=== The problem ===
Retype, word for word, only the lines from the one with "this 1147×1350 image." through the last line of the data below.

=== Supplied information ===
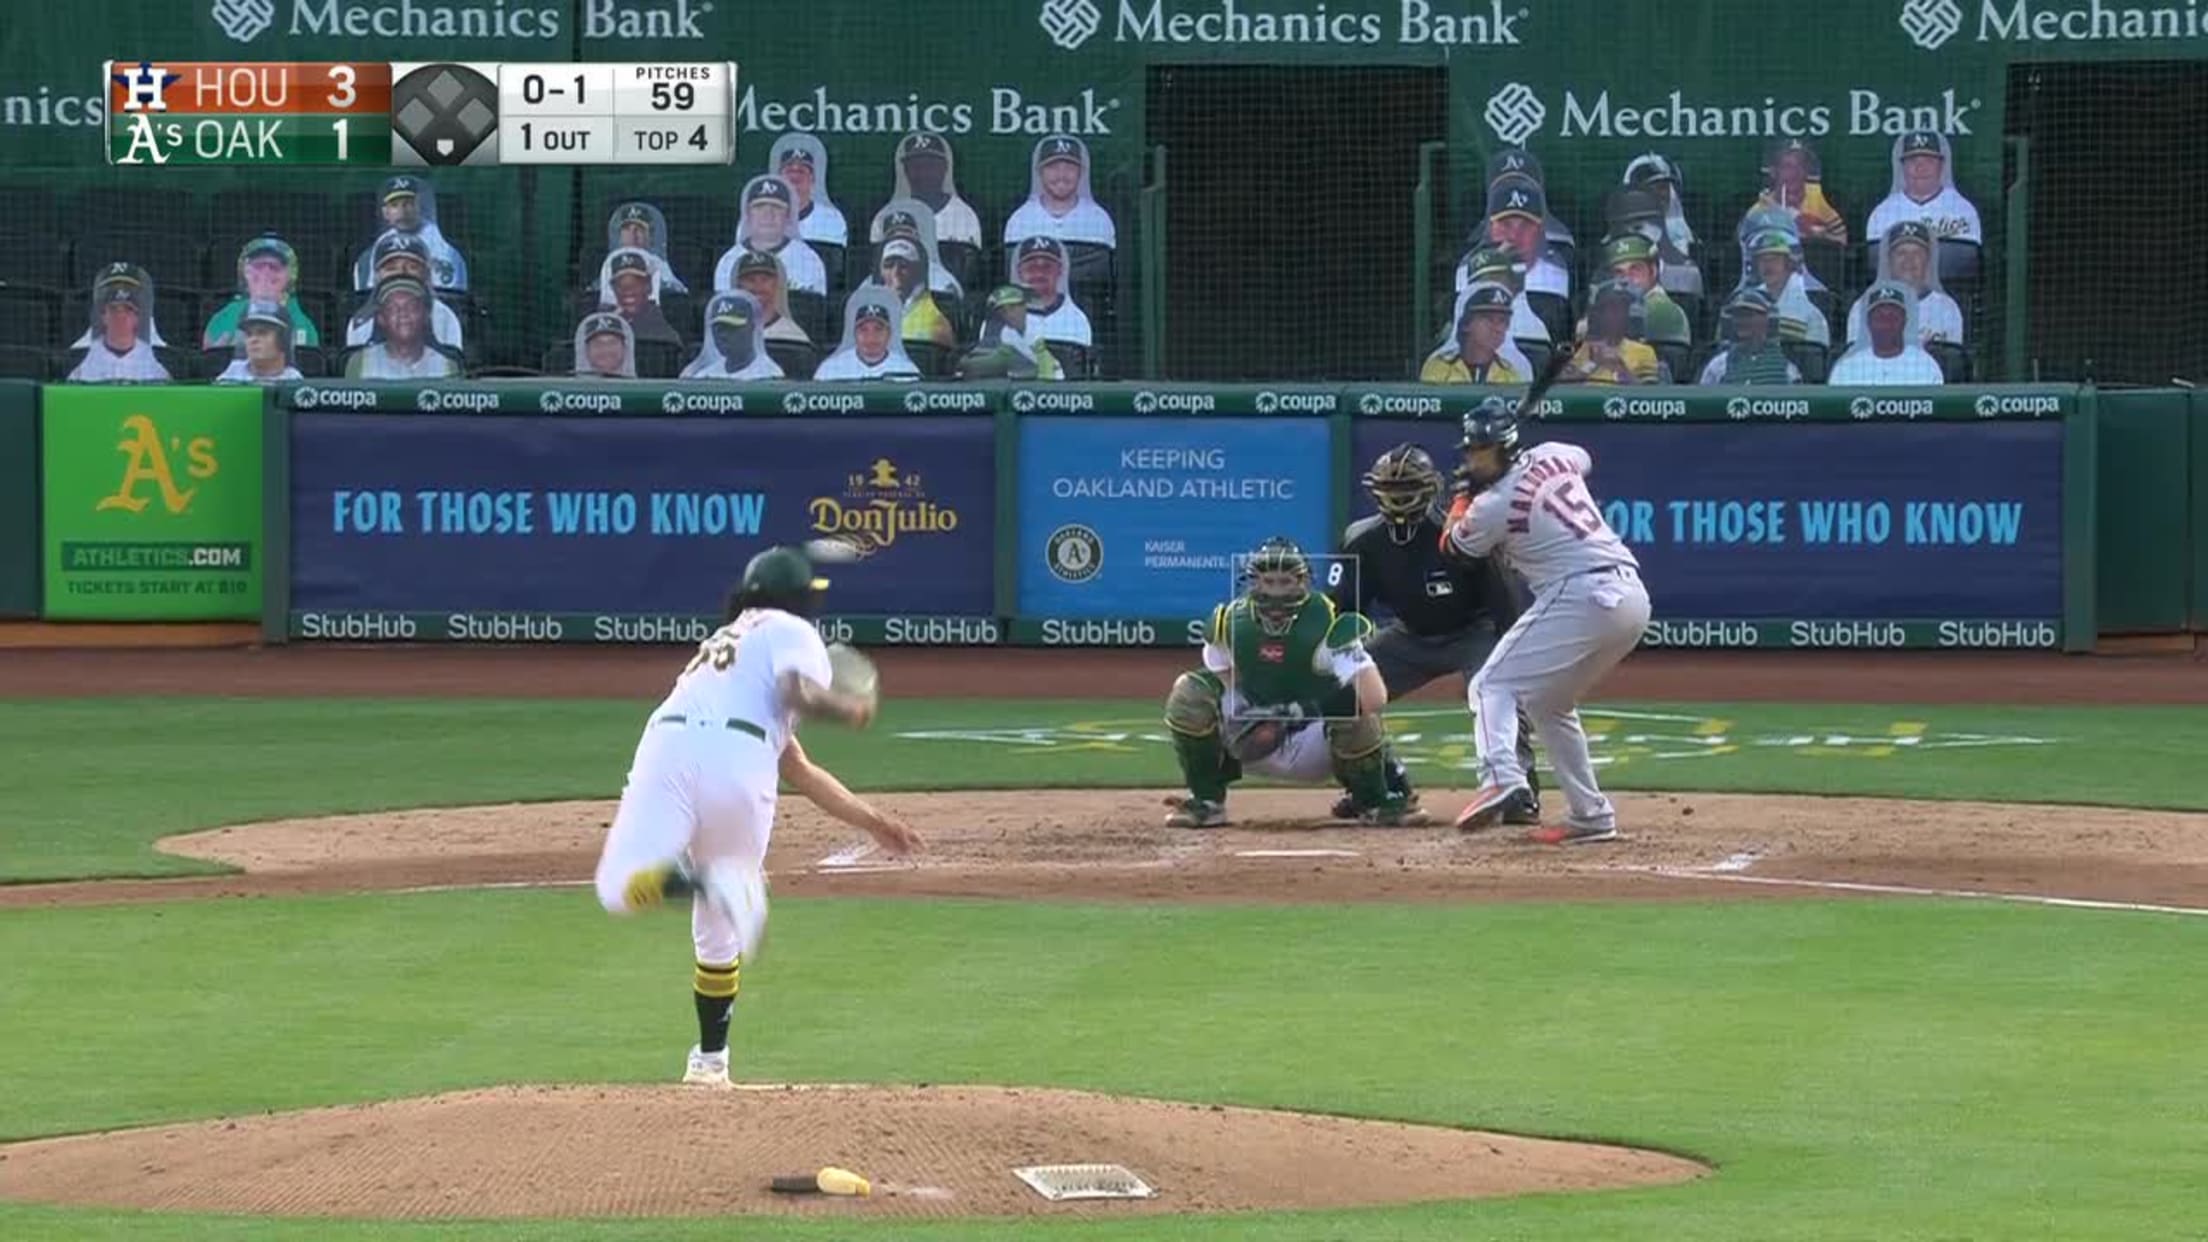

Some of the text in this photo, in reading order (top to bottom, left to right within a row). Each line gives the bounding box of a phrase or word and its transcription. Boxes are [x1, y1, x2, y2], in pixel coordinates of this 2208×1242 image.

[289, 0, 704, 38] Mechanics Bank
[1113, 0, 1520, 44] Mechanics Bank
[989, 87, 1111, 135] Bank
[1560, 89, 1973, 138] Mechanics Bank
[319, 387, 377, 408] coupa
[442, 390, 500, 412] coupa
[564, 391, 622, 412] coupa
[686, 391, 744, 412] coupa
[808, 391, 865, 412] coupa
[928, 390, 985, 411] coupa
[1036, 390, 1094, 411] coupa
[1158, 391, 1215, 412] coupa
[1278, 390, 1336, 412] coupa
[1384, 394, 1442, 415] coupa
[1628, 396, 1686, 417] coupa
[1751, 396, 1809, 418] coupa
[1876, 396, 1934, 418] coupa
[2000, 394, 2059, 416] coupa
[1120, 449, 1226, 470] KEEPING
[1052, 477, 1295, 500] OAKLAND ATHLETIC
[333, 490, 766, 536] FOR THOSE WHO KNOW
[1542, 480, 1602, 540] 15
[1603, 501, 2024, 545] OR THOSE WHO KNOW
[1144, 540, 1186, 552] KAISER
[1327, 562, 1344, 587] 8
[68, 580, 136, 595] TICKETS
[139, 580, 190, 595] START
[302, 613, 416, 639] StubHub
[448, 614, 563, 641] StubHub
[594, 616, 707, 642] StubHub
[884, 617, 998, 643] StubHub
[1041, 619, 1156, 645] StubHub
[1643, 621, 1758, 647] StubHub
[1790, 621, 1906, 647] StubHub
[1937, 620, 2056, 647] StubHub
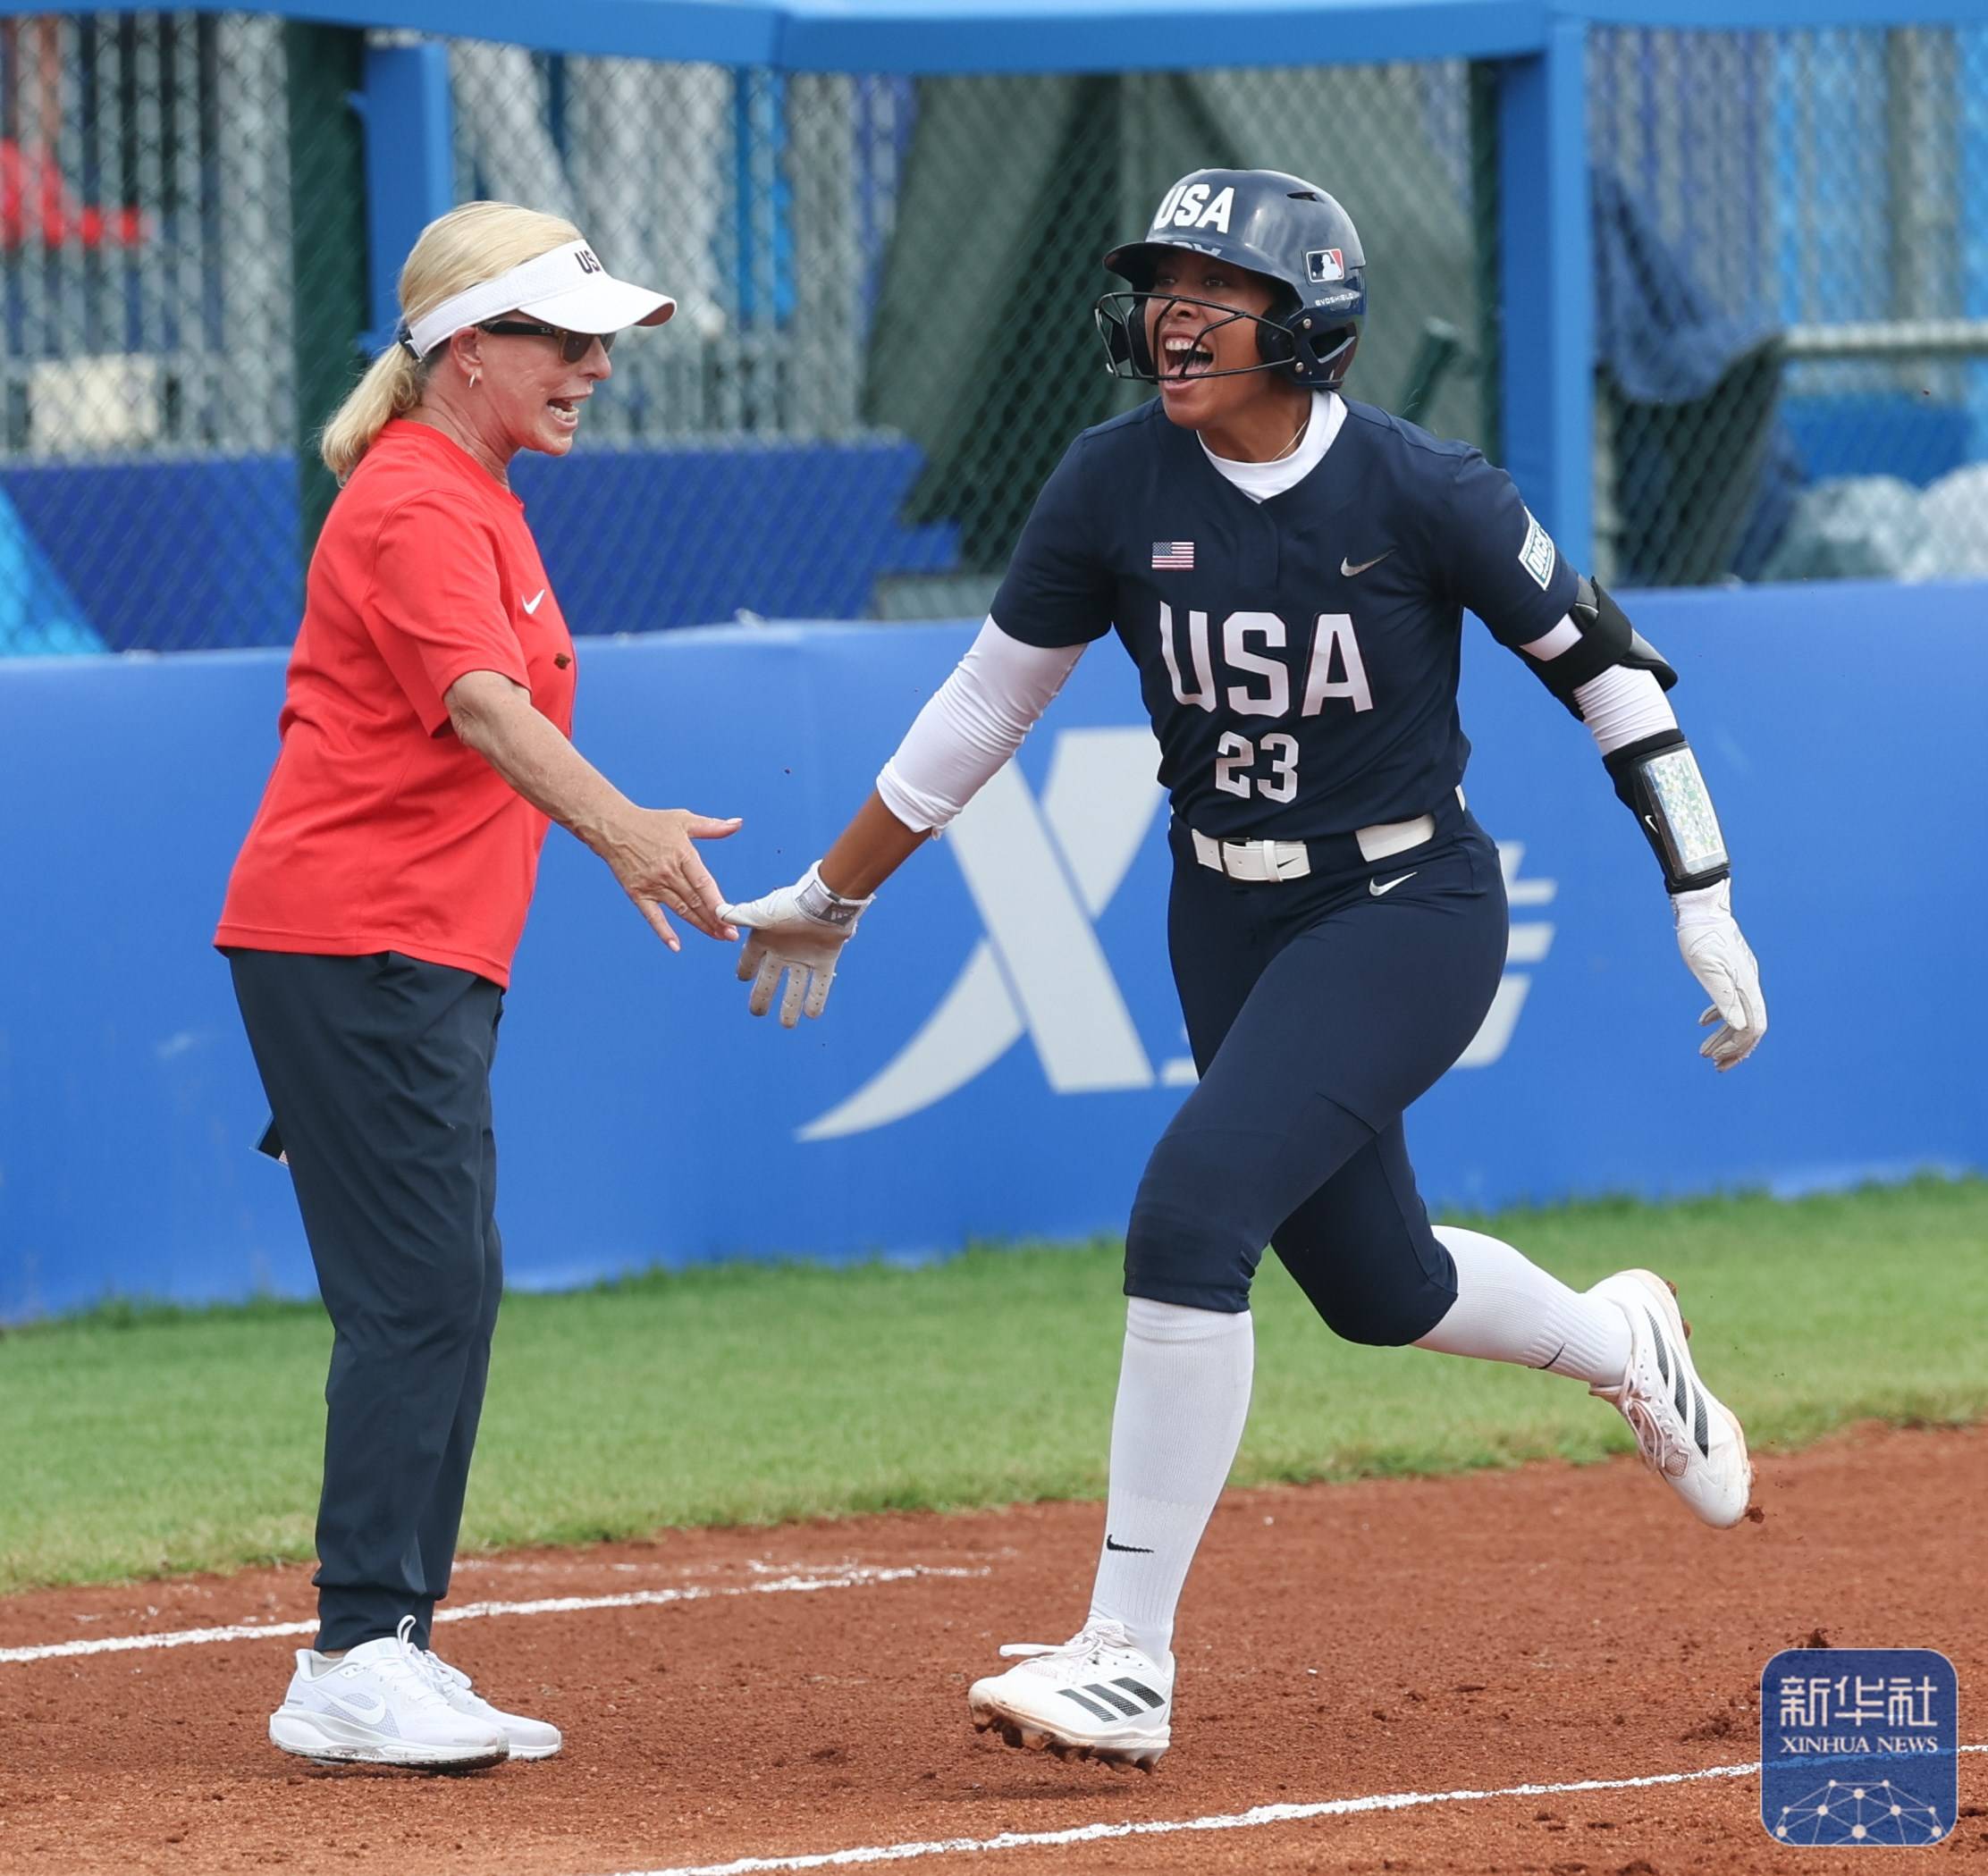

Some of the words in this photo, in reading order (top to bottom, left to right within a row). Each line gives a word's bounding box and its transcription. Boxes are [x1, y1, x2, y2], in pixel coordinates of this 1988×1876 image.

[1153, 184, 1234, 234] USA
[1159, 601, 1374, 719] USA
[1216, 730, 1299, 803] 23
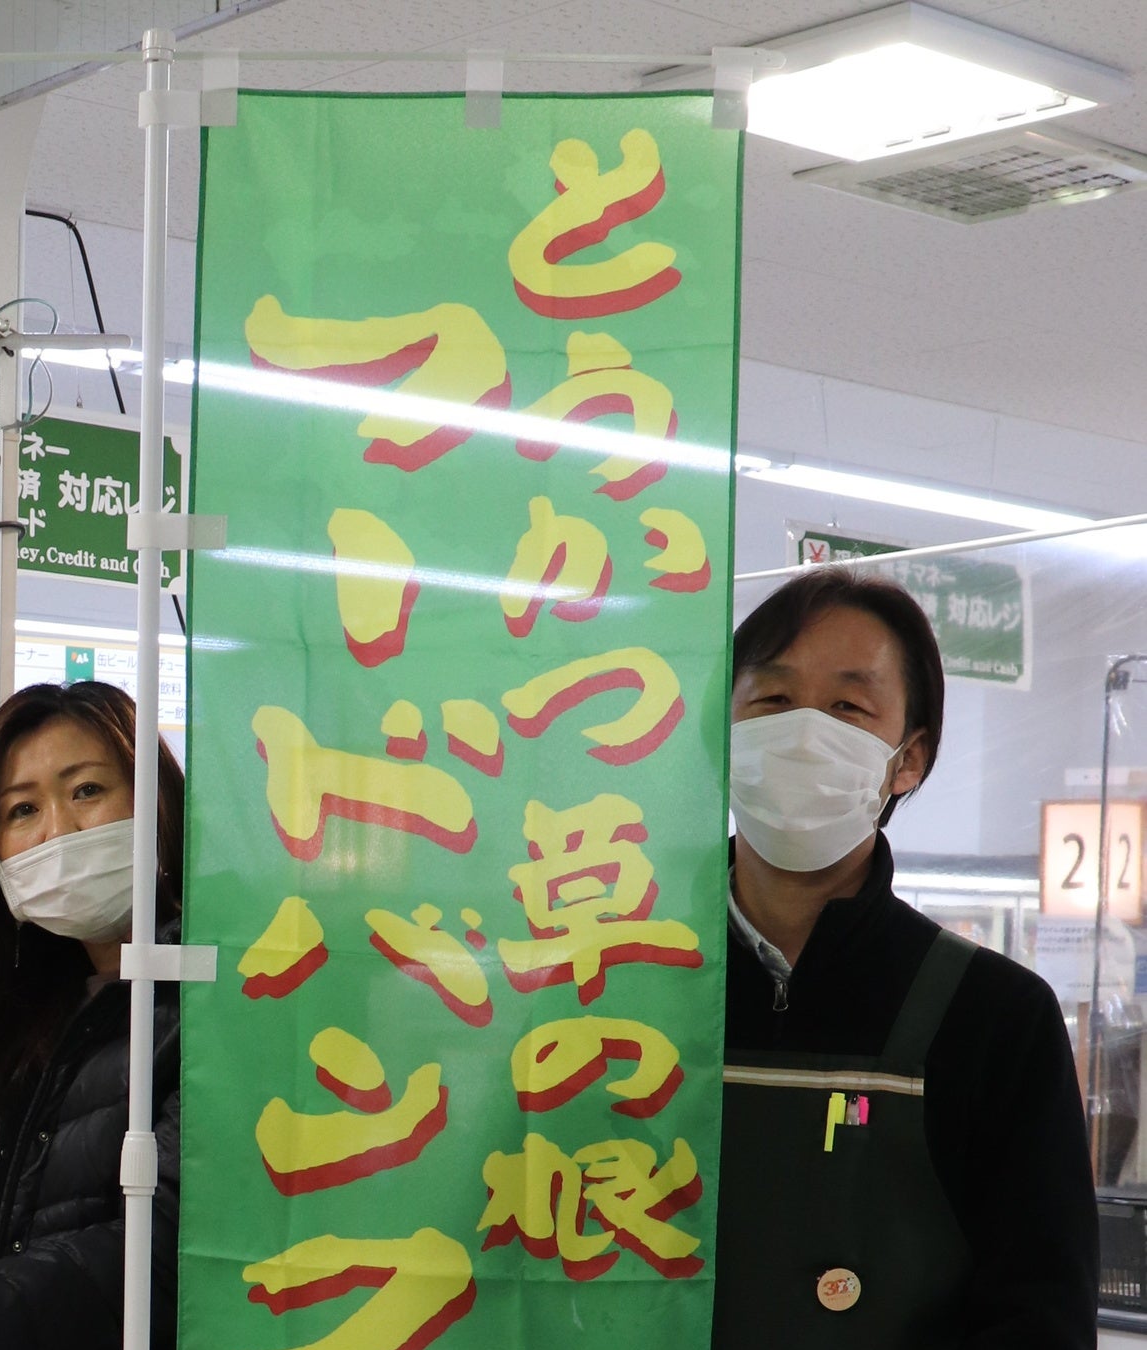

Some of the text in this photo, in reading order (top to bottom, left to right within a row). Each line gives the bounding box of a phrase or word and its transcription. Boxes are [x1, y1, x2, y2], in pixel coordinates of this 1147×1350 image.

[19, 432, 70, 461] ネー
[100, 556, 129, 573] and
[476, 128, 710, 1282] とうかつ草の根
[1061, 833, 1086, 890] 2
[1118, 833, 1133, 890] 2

=== Solution to this problem ===
Some of the text in this photo, in reading order (top to bottom, left to right within a row). Each line gives the bounding box of a phrase or word and its transcription. Boxes are [x1, y1, x2, y2], in pixel coordinates of this 1147×1350 image.

[19, 432, 70, 461] ネー
[100, 556, 129, 573] and
[476, 128, 710, 1282] とうかつ草の根
[1061, 833, 1086, 890] 2
[1118, 833, 1133, 890] 2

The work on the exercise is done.